In his keynote address, the Director –General of NADDC, Aminu Jalal, represented by his Technical Adviser, Engr. Abubakar Dalhat, said “Substandard Automotive spare parts in motor vehicles often function improperly, or fail prematurely causing damages or drastic loss of efficiency to the affected vehicle. The implication of the failure of such substandard safety parts in vehicles is often very severe, leading in some cases to road crashes that could cause loss of lives, and in most cases resulting in financial losses, not just to vehicle owner but also to other road users.”
He emphasised that motor parts, whether those classified as safety items or non-safety items, must conform to international standards at all times, because their sudden failure in vehicles might result in fatal crashes; adding that NADDC in collaboration with SON had so far adopted over 130 international automotive standards for safety and other parts.
The Director General listed other measures being taken by the NADDC to enhance standards in the Nigerian automotive industry, including the setting up of Auto Test Centres with world class test laboratories for emission, components and materials, which are nearing completion in Lagos, Enugu and Zaria. The laboratories would be commissioned by the end of the year, he said.
According to him, one of the measures is the Standards Organisation of Nigeria Conformity Assessment Programme {SONCAP} introduced by the SON at the request of NADDC, which will make it mandatory that all used vehicles imported into Nigeria to have roadworthiness certificates from their countries of origin.
Jalal also disclosed that vehicle assembly plants and local content manufacturers are being encouraged and assisted to produce good quality items and obtain ISO 9001: 2008 QMS certification. A training programme on ISO/TS 16949:2009 which is a requirement for the implementation of ISO 9001: 2008 QMS for 20 workers of assembly plants in Nigeria would commence this year.

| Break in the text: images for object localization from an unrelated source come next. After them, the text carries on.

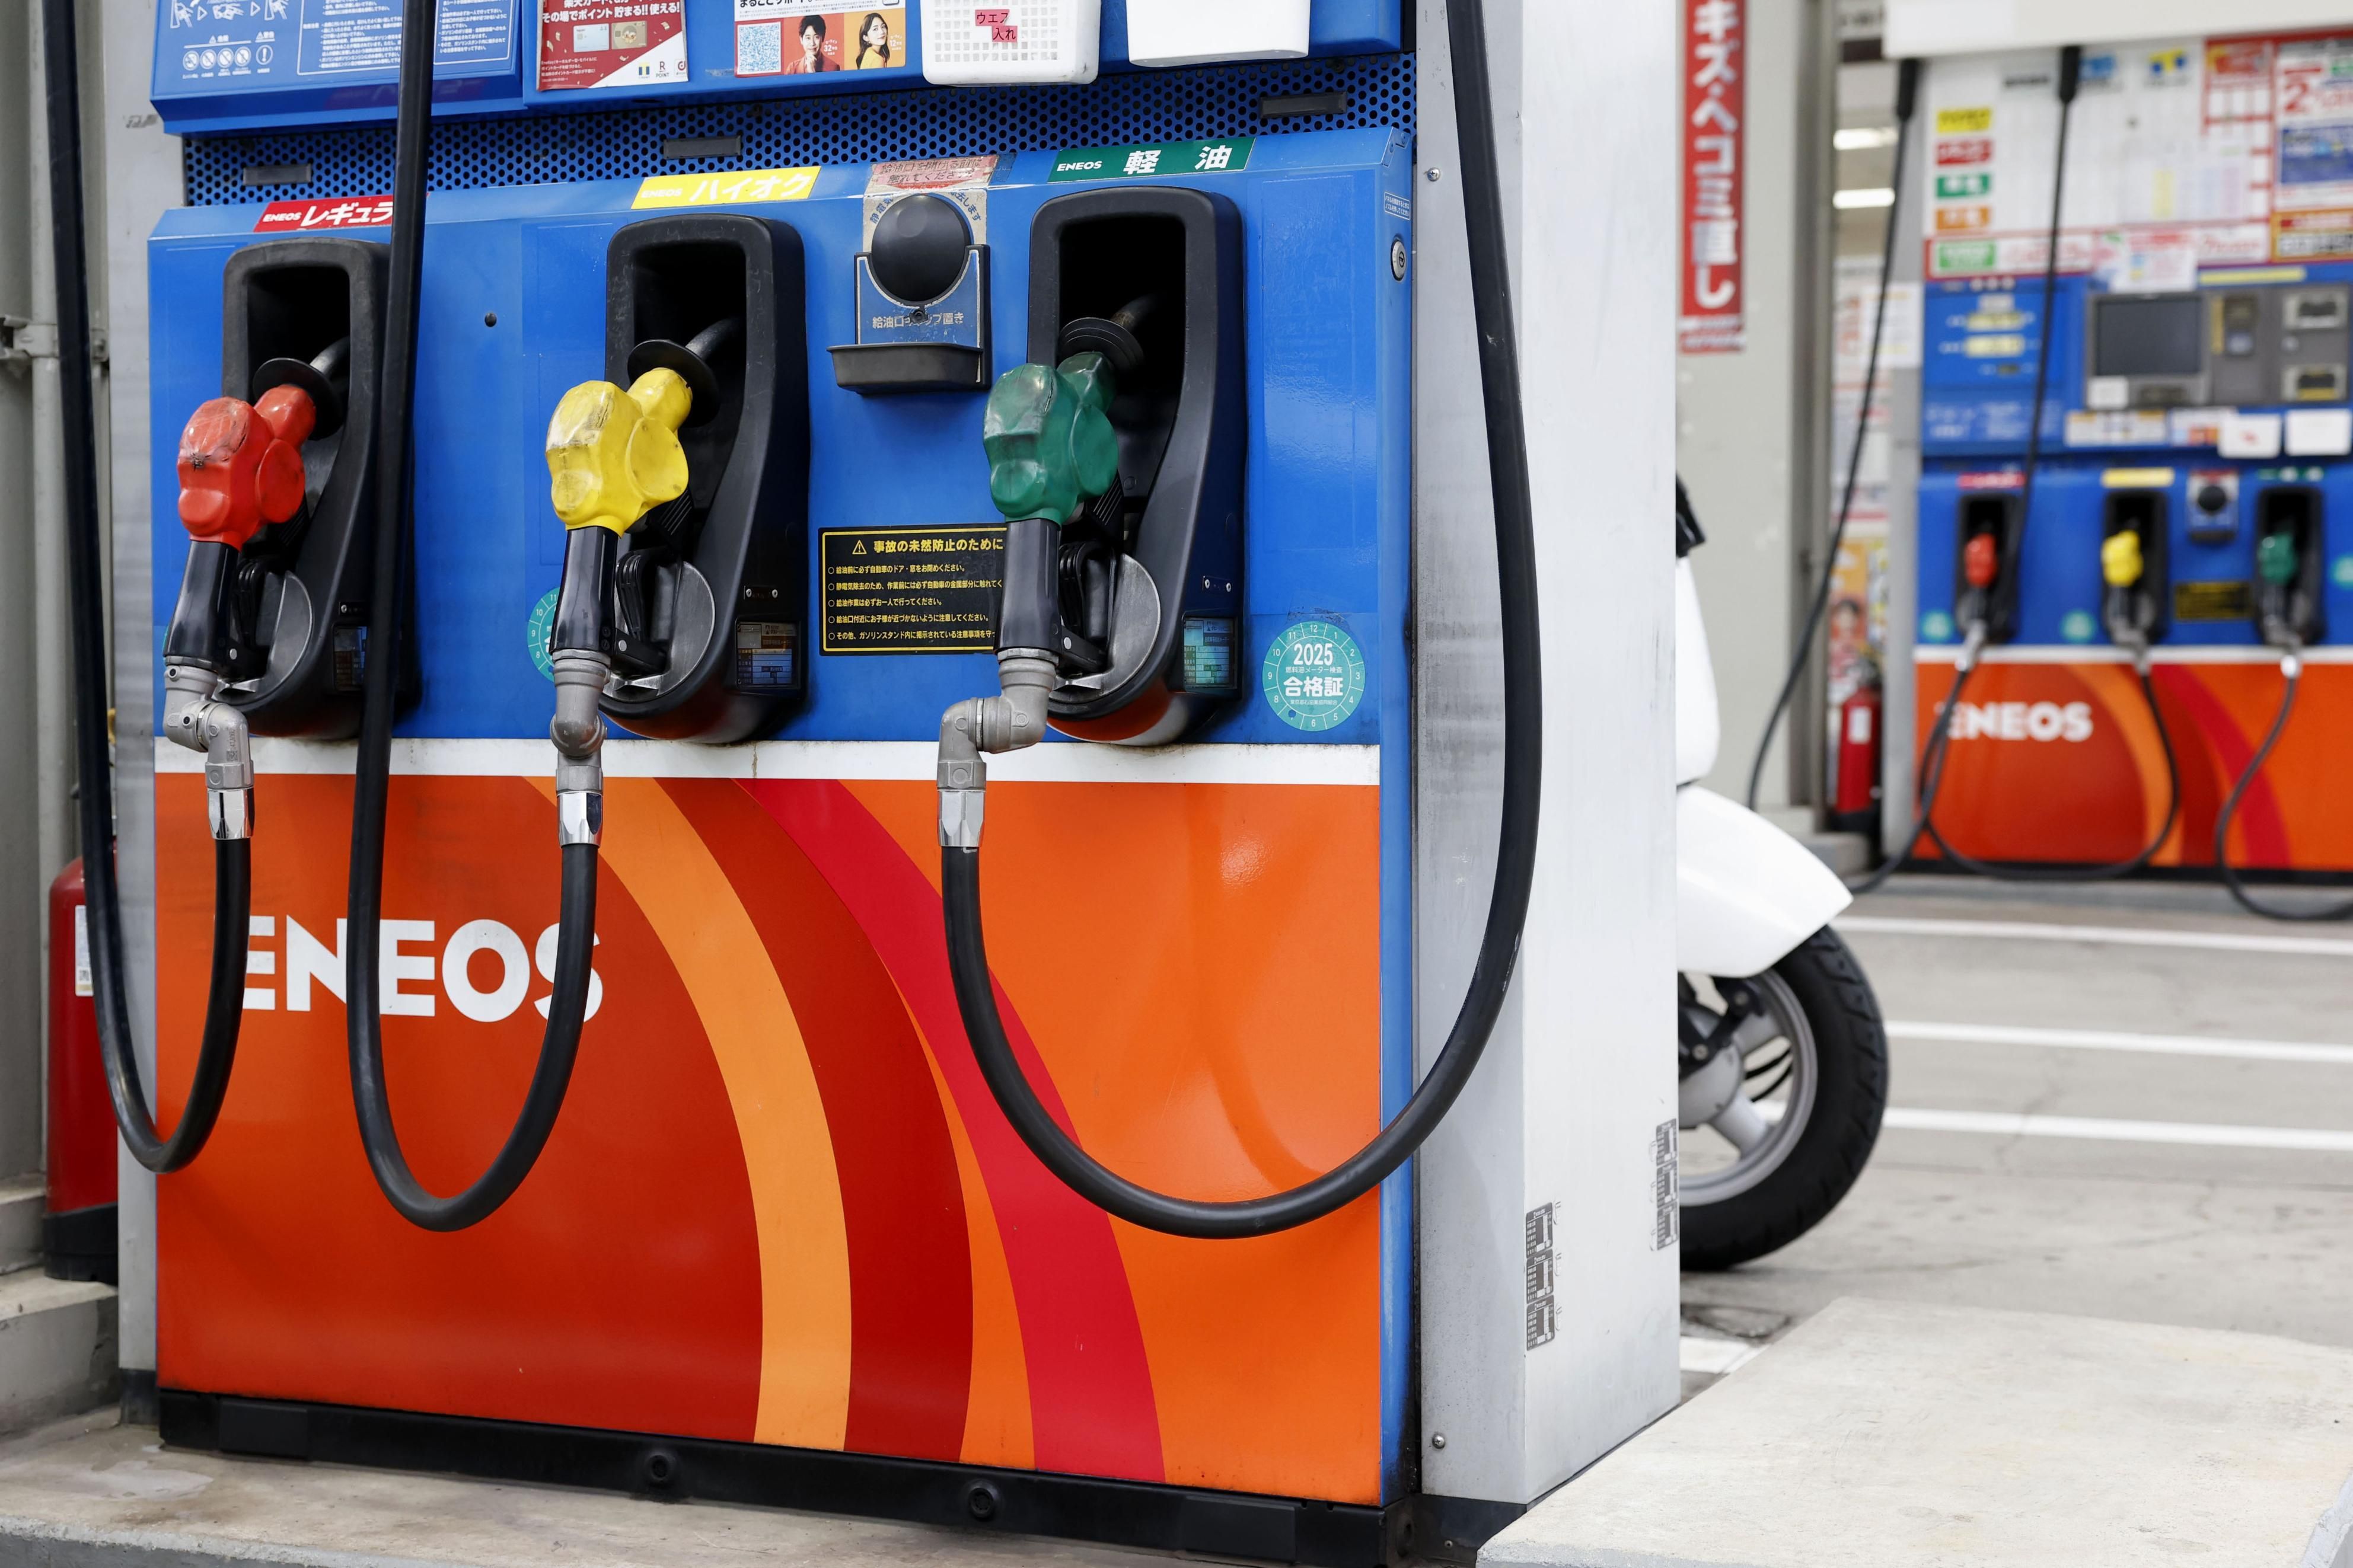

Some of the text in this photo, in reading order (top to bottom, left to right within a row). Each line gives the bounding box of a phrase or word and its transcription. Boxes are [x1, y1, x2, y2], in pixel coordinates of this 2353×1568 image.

[542, 3, 680, 23] その場でポイント 貯まる!! 使える!
[993, 28, 1016, 40] 入れ
[1057, 145, 1233, 175] ENEOS 軽油
[641, 173, 812, 202] ENEOS ハイオク
[263, 202, 394, 227] ENEOS レギュラ
[870, 196, 893, 223] 静電気
[873, 538, 1004, 553] 事故の未然防止のために
[836, 598, 942, 607] 給油作業は必ずお一人で行ってください。
[1309, 624, 1318, 633] 12
[1293, 643, 1333, 666] 2025
[1350, 649, 1355, 657] 2
[1356, 672, 1360, 680] 3
[1283, 676, 1344, 697] 合格証
[1274, 695, 1279, 703] 8
[1348, 695, 1354, 704] 4
[1311, 719, 1316, 727] 6
[1333, 713, 1338, 721] 5
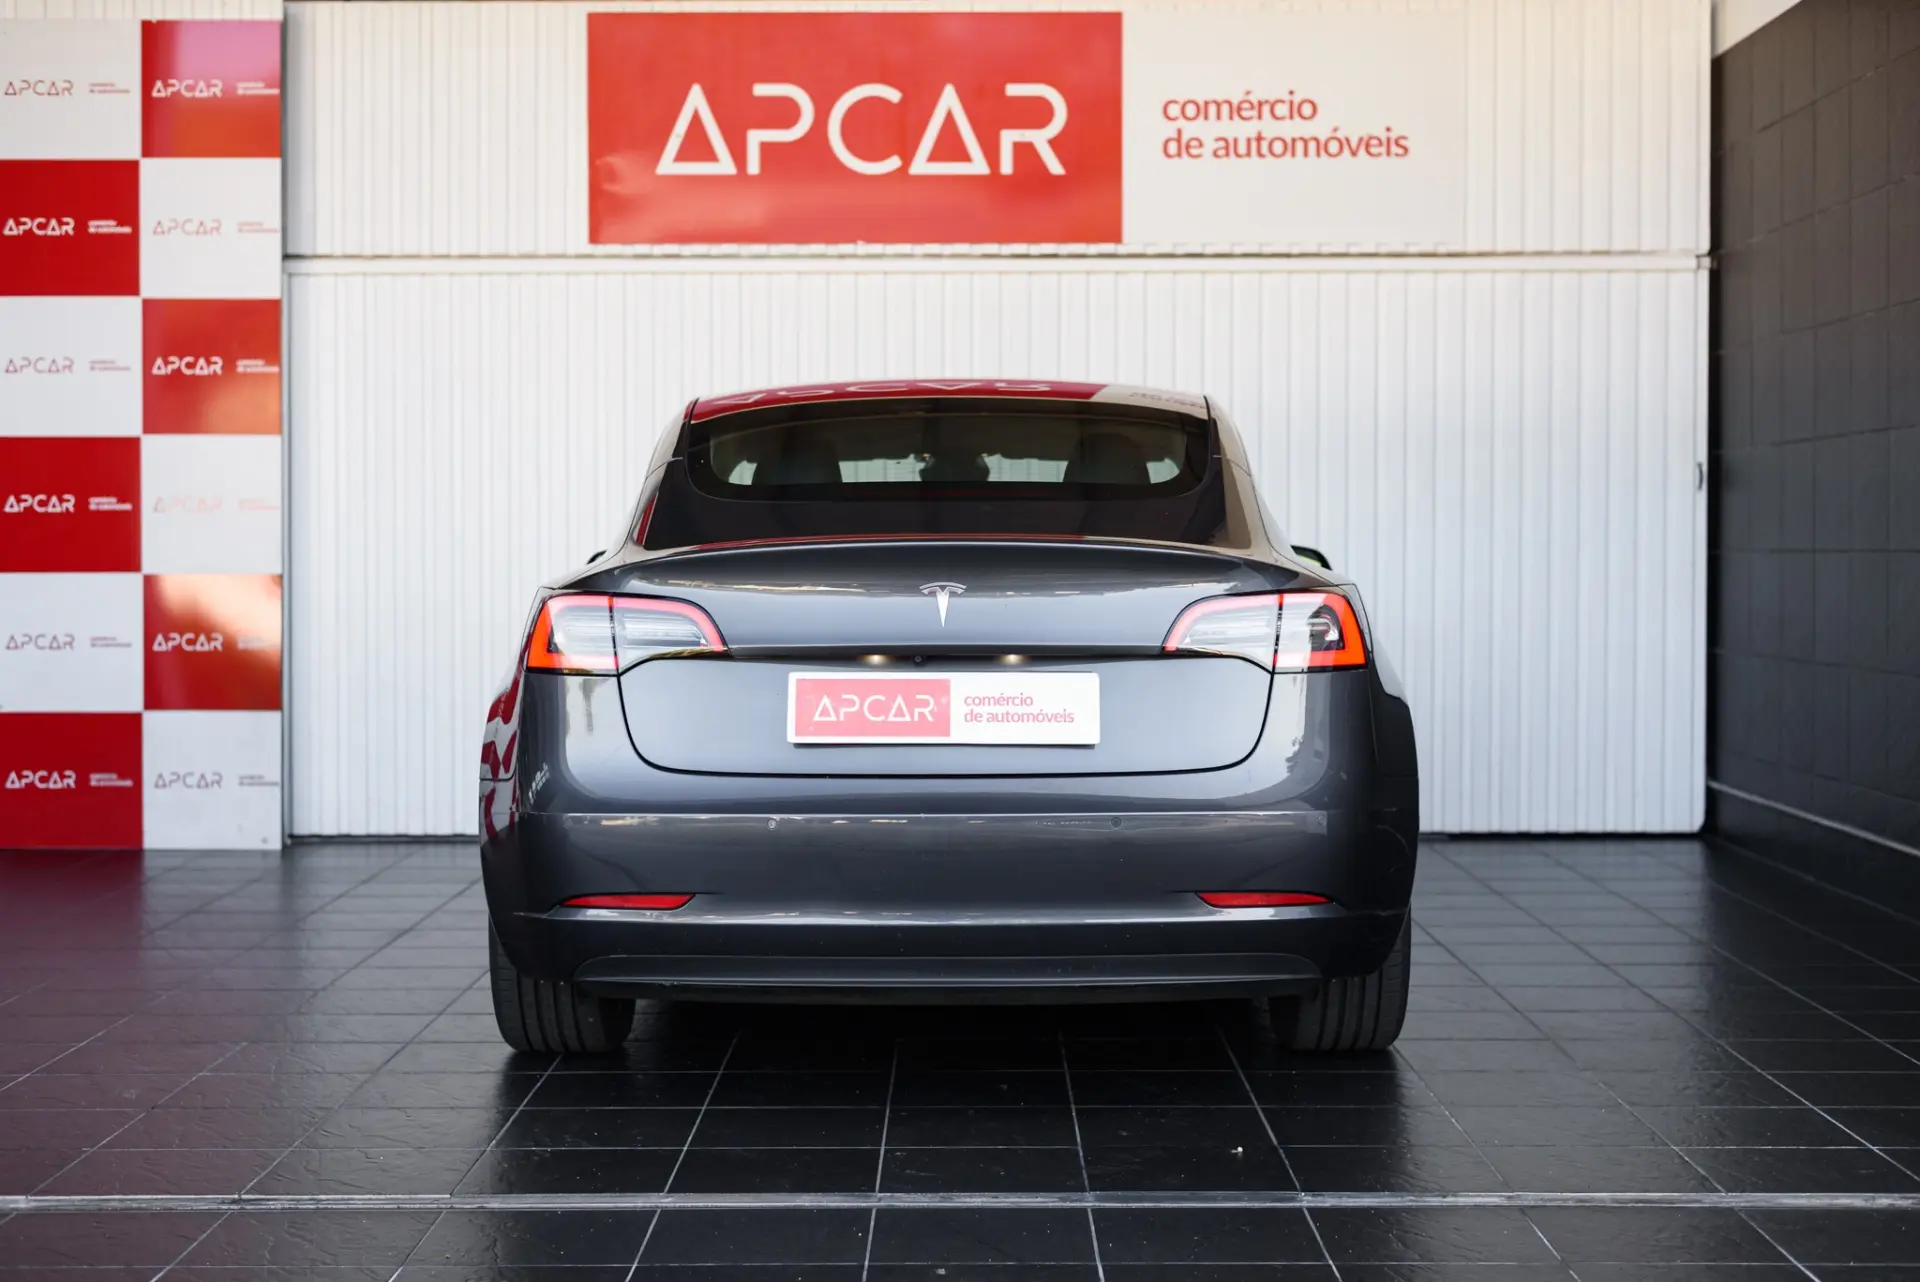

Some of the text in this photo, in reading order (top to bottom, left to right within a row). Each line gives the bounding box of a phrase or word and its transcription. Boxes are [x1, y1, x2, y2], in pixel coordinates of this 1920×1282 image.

[4, 79, 75, 97] APCAR
[151, 79, 223, 98] APCAR
[1162, 90, 1319, 121] comércio
[655, 82, 1068, 176] APCAR
[1162, 126, 1410, 159] de automóveis
[2, 217, 75, 236] APCAR
[152, 218, 222, 236] APCAR
[4, 356, 75, 374] APCAR
[151, 356, 223, 375] APCAR
[3, 494, 76, 513] APCAR
[5, 633, 76, 651] APCAR
[152, 632, 223, 652] APCAR
[812, 693, 935, 722] APCAR
[963, 692, 1034, 707] comércio
[963, 707, 1075, 723] de automóveis
[4, 770, 77, 789] APCAR
[153, 772, 223, 789] APCAR

In his paper, Executive Director, Accident Prevention And Rescue Initiative (APRI), Prince Fidelis Nnadi said: “Why are sub-standard auto spare part products still visible and enjoying some patronage? The answer is simple. They are thriving because the average user does not understand their effect; they are thriving because people do not know the risks involved in using such products. They are thriving also because of the economic situation. A lot of people are very poor in knowledge and purchasing power, but this cannot be a good excuse to buy what will cause loss of lives and property.”
In his presentation on behalf of the Directorate of Road Traffic Services, Mr. Ebenezer Bako, said 95 percent of the auto parts imported into the country are fake or sub-standard. Their concentration had a dual edge: First, Nigerians were shocked that they have been dicing with deaths by relying on fake spare parts used to replace faulty ones in their vehicles. Second, people were mortified to learn, by inference, that agencies of government upon which we all rely to keep inferior imports away from or shores, including the SON, have largely abdicated their duties, creating in the process a haven for sub-standard auto parts in Nigeria.
Another speaker, Mr. Oye Sholola, submitted, “We have well equipped factories where we produce parts like Exhaust system, Hangers, Bumpers, Aluminum die-casting parts of the engine, door handles, etc and are willing to partner with the original manufacturers to upgrade our facilities if need be to meet their requirements.”